A lot of people ask about filing bankruptcy on credit cards only. Unfortunately, people cannot do that.

When filing either a Chapter 7 bankruptcy or a Chapter 13 bankruptcy, people are required by law to list all of their debts, all of their property, and all of their income. Failure to disclose everything can be determined to be bankruptcy fraud.

People cannot choose which debts that they want to include in bankruptcy. It is illegal in bankruptcy to show favorites among creditors by paying one creditor and not paying another. All creditors holding the same status must be treated the same way.

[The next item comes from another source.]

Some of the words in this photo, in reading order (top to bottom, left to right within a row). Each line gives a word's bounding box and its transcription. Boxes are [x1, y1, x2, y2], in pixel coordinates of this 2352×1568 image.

While you cannot choose among creditors holding the same status, you can choose which type of bankruptcy to file, if you qualify. And by choosing which type of bankruptcy to file, you may be choosing which creditors will be paid.

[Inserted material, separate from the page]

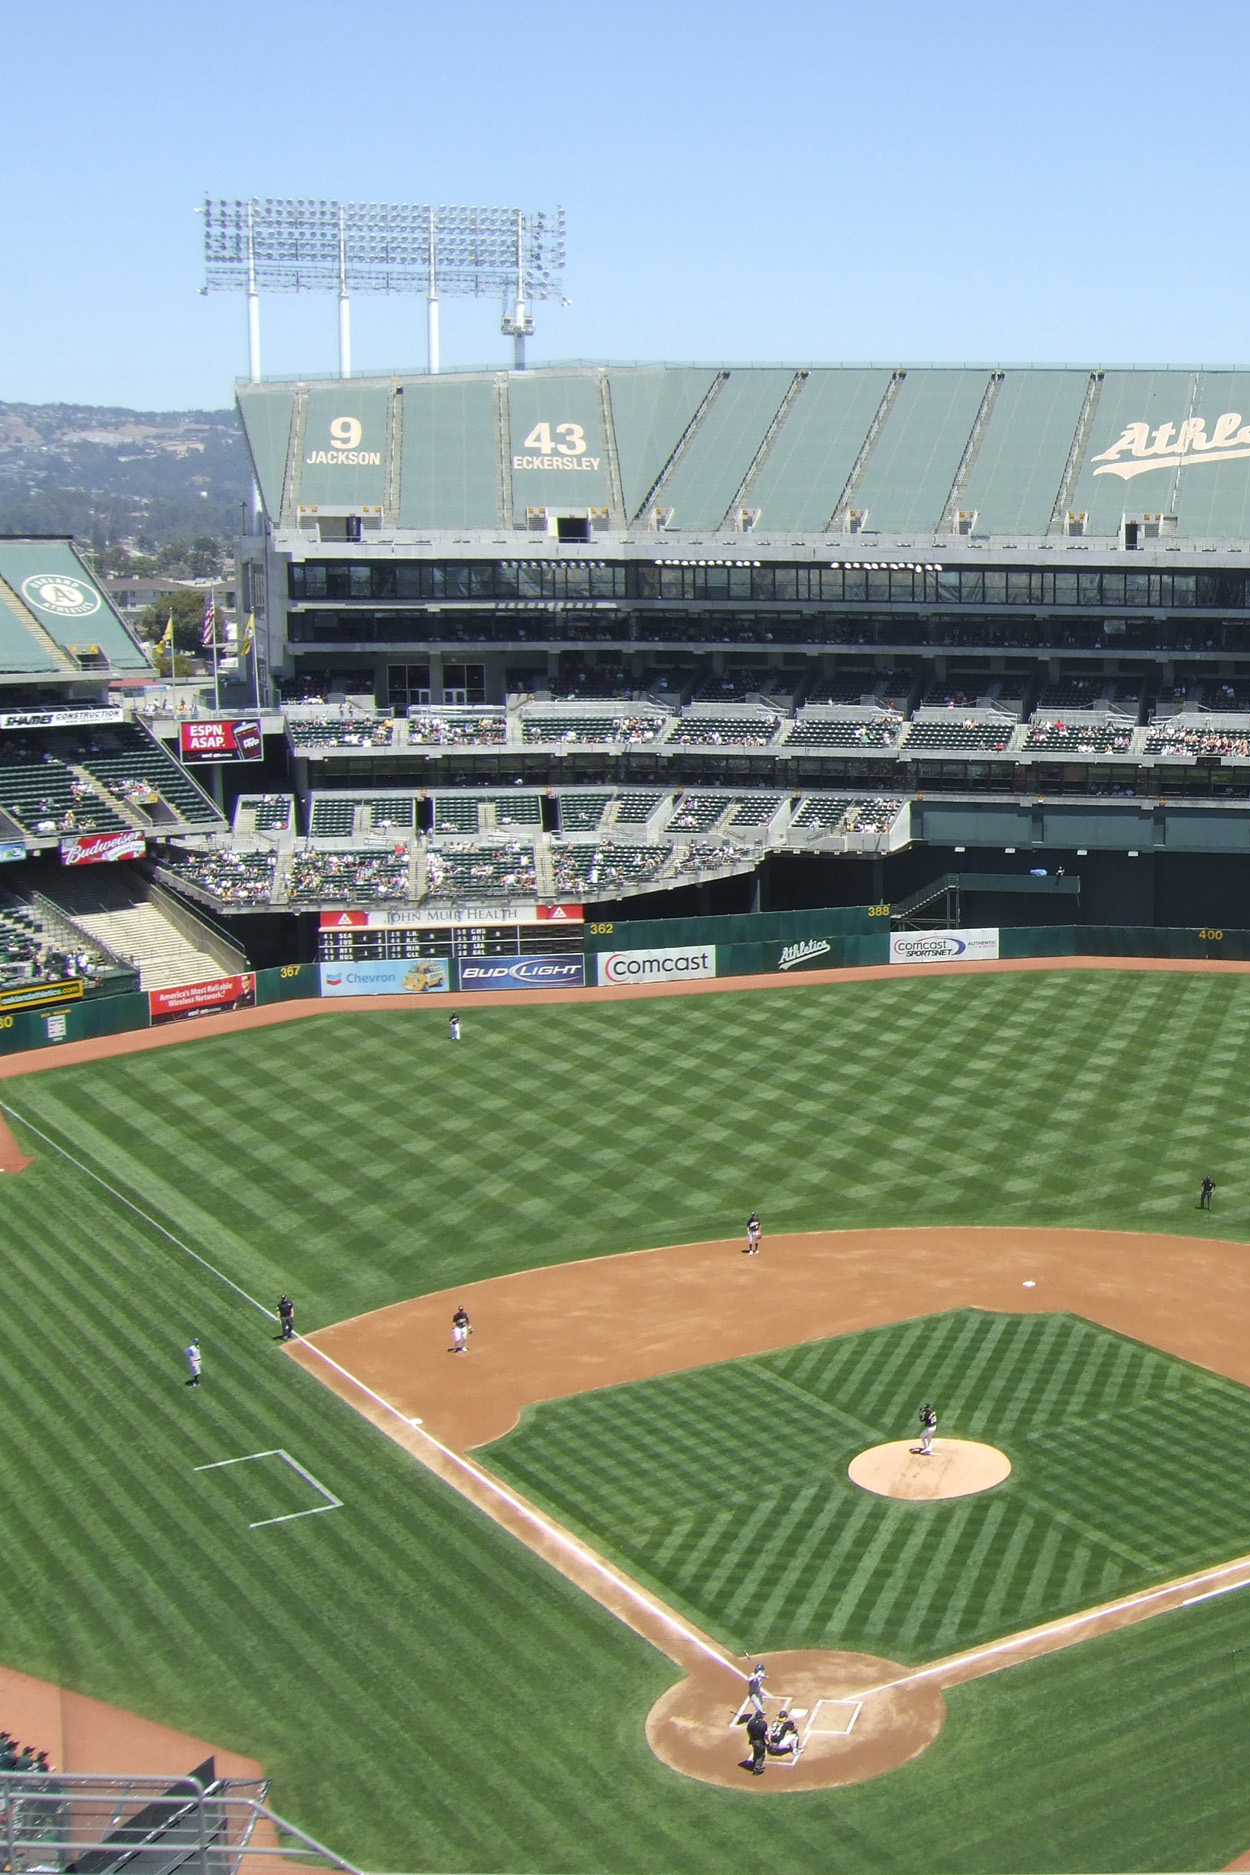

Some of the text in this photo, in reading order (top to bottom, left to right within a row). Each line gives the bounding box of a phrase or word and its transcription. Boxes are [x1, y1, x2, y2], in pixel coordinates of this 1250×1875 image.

A Chapter 7 bankruptcy is a liquidation bankruptcy. Property that is not exempt will be sold (if it will bring in more money than the debt which it secures) and the net proceeds distributed to creditors.

When a person has a lot of credit card debt and little property or property that is not worth much more that the debt it secures, the person may benefit by filing a Chapter 7 bankruptcy. Without going into details, it may be that the person’s property is exempt or that the property does not have enough value to sell. The person could keep his property and still have the credit card debts discharged, meaning that the person does not have to pay them and the credit card company cannot bring an action to collect. One note: people must qualify for a Chapter 7 and not everyone qualifies.

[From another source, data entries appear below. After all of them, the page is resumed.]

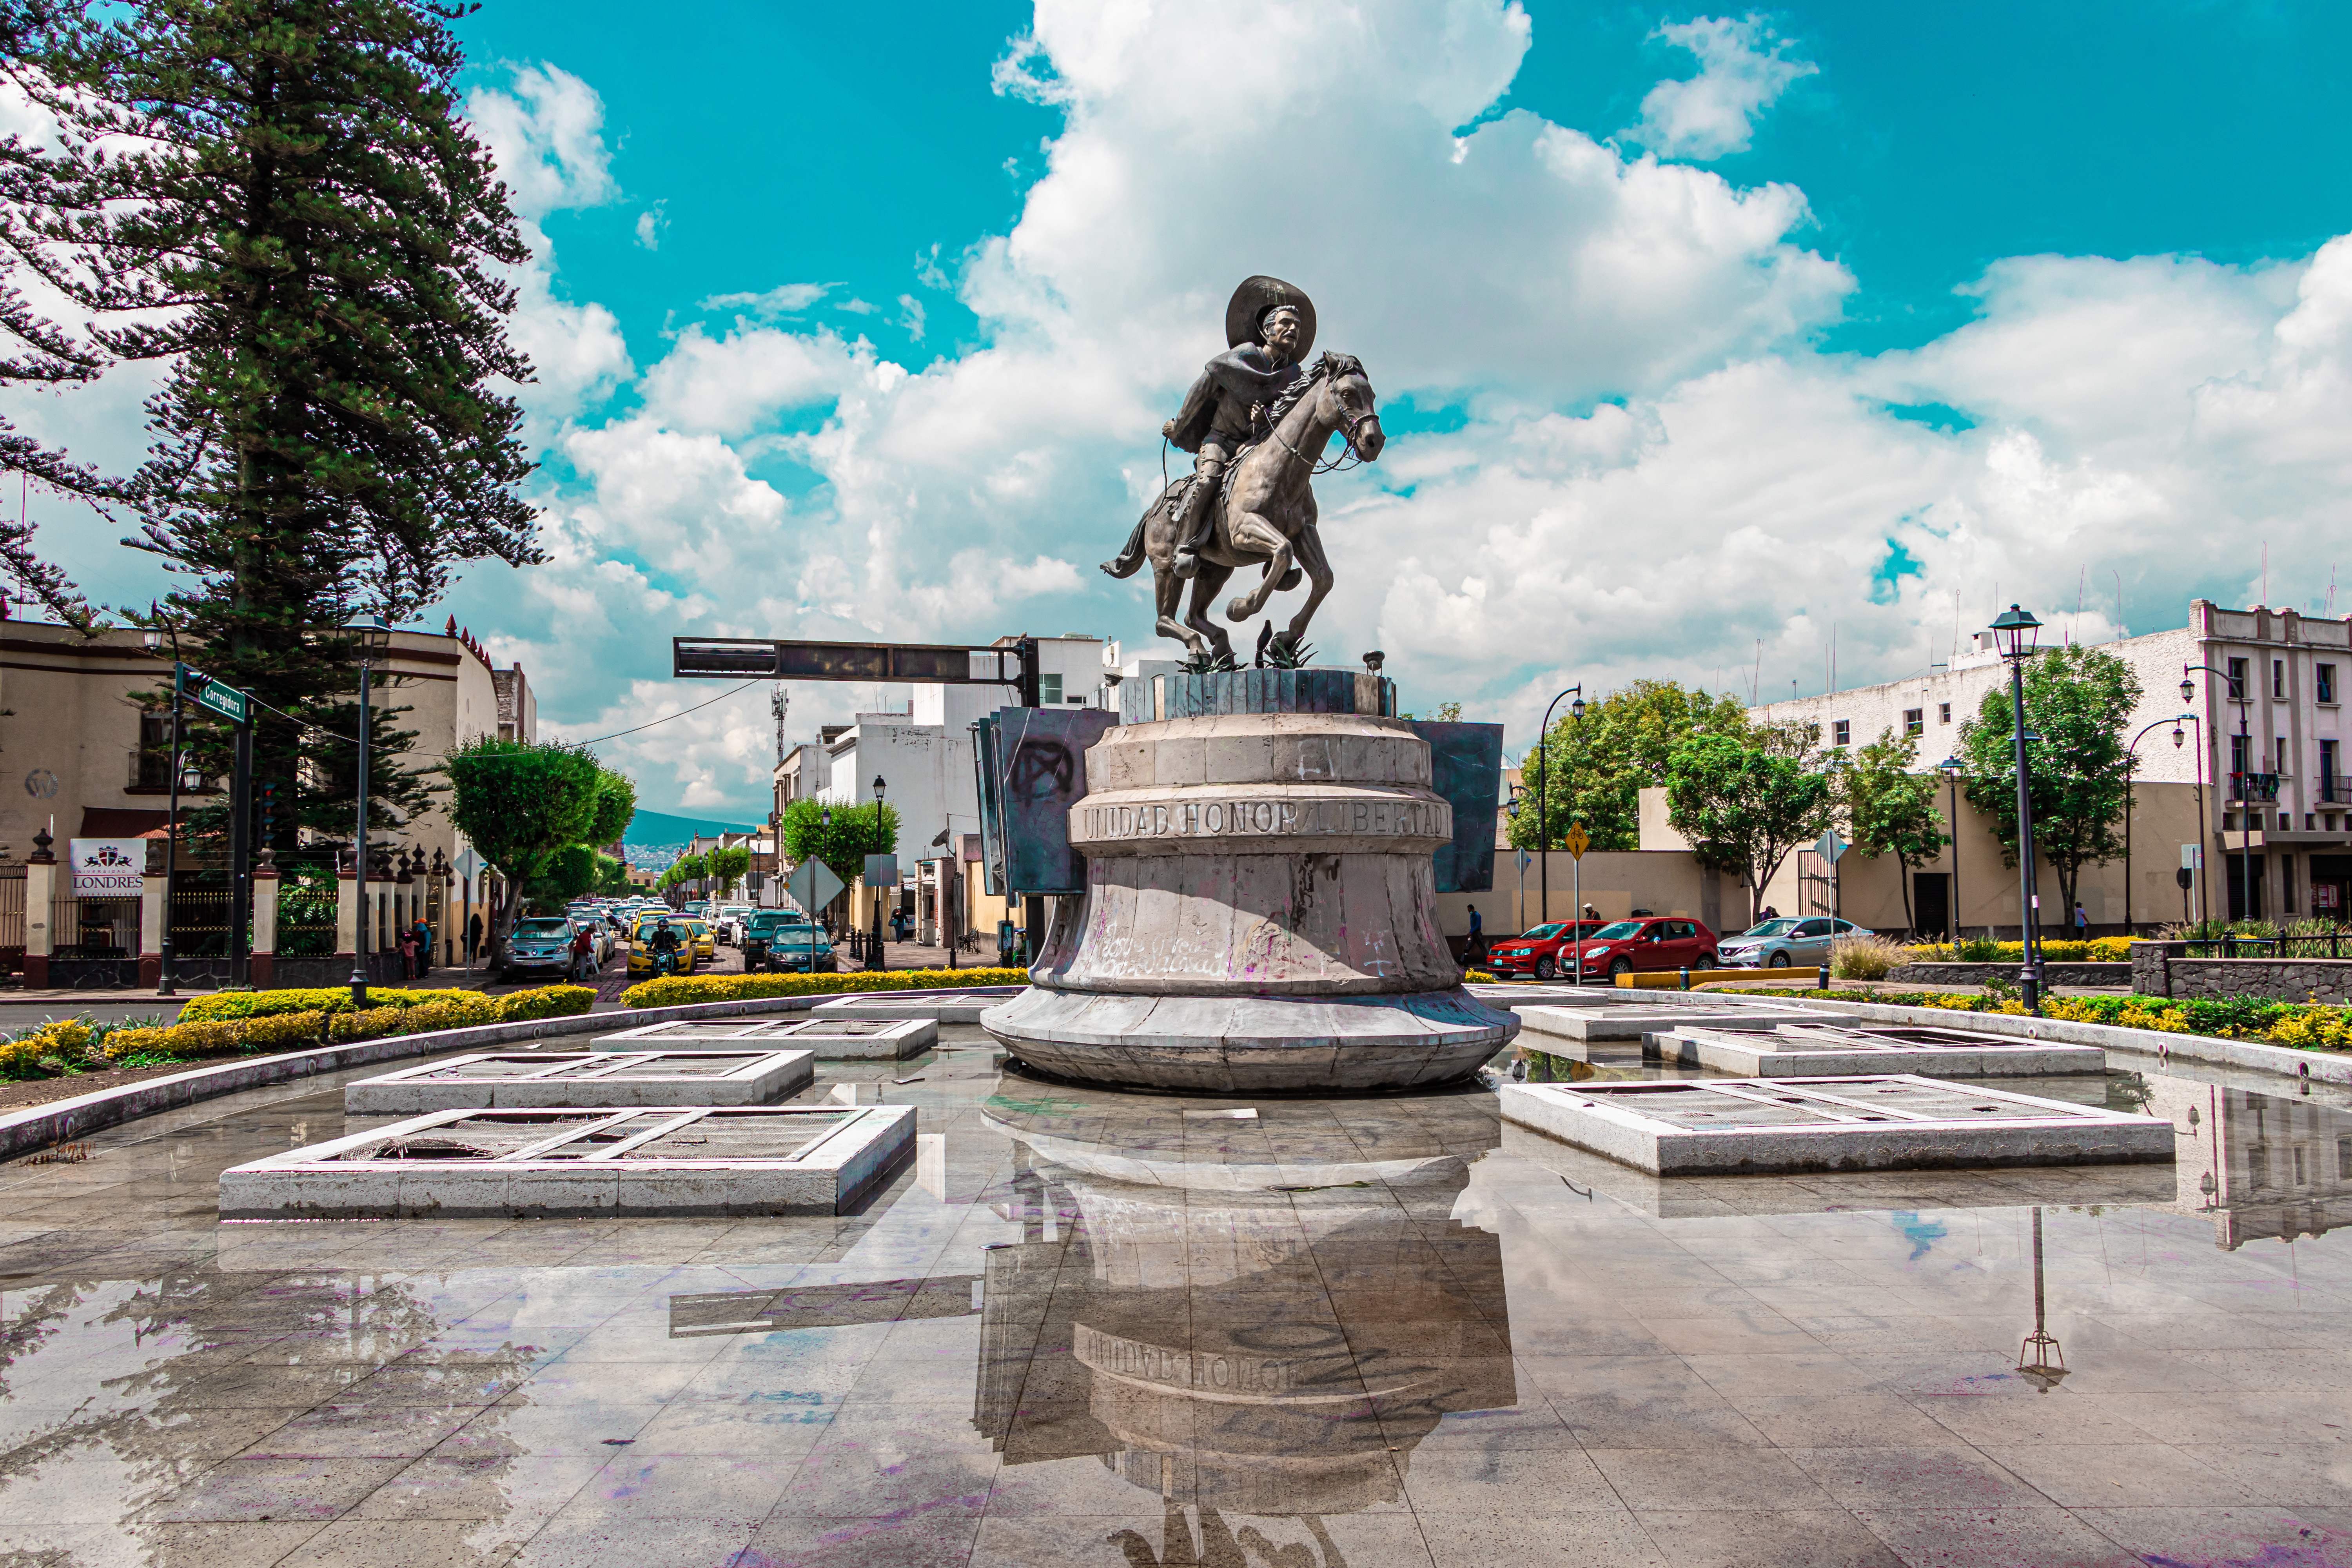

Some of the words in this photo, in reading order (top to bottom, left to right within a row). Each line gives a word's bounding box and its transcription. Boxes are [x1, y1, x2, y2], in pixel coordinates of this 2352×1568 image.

[205, 685, 240, 713] Corregidora
[1084, 805, 1169, 839] UNIDAD
[1184, 801, 1299, 834] HONOR
[1315, 802, 1442, 834] LIBERTAD
[73, 877, 143, 888] LONDRES

When a person has a lot of credit card debt and property that is either paid for or which secures small debts in comparison to the value of the property, the person may want to consider a Chapter 13 bankruptcy. A Chapter 13 is a payment plan which normally lasts between 3 to 5 years.

Depending on a person’s ability to pay, a creditor, such as a credit card company, may be paid in full or in part. In other words, a credit card company may receive pennies on the dollar.

The bottom line is that filing bankruptcy on credit cards only is not going to work unless credit cards are the only debt that a person has.

This is general information. If you need specific information or have any questions of any nature whatsoever, talk with a lawyer licensed in your state.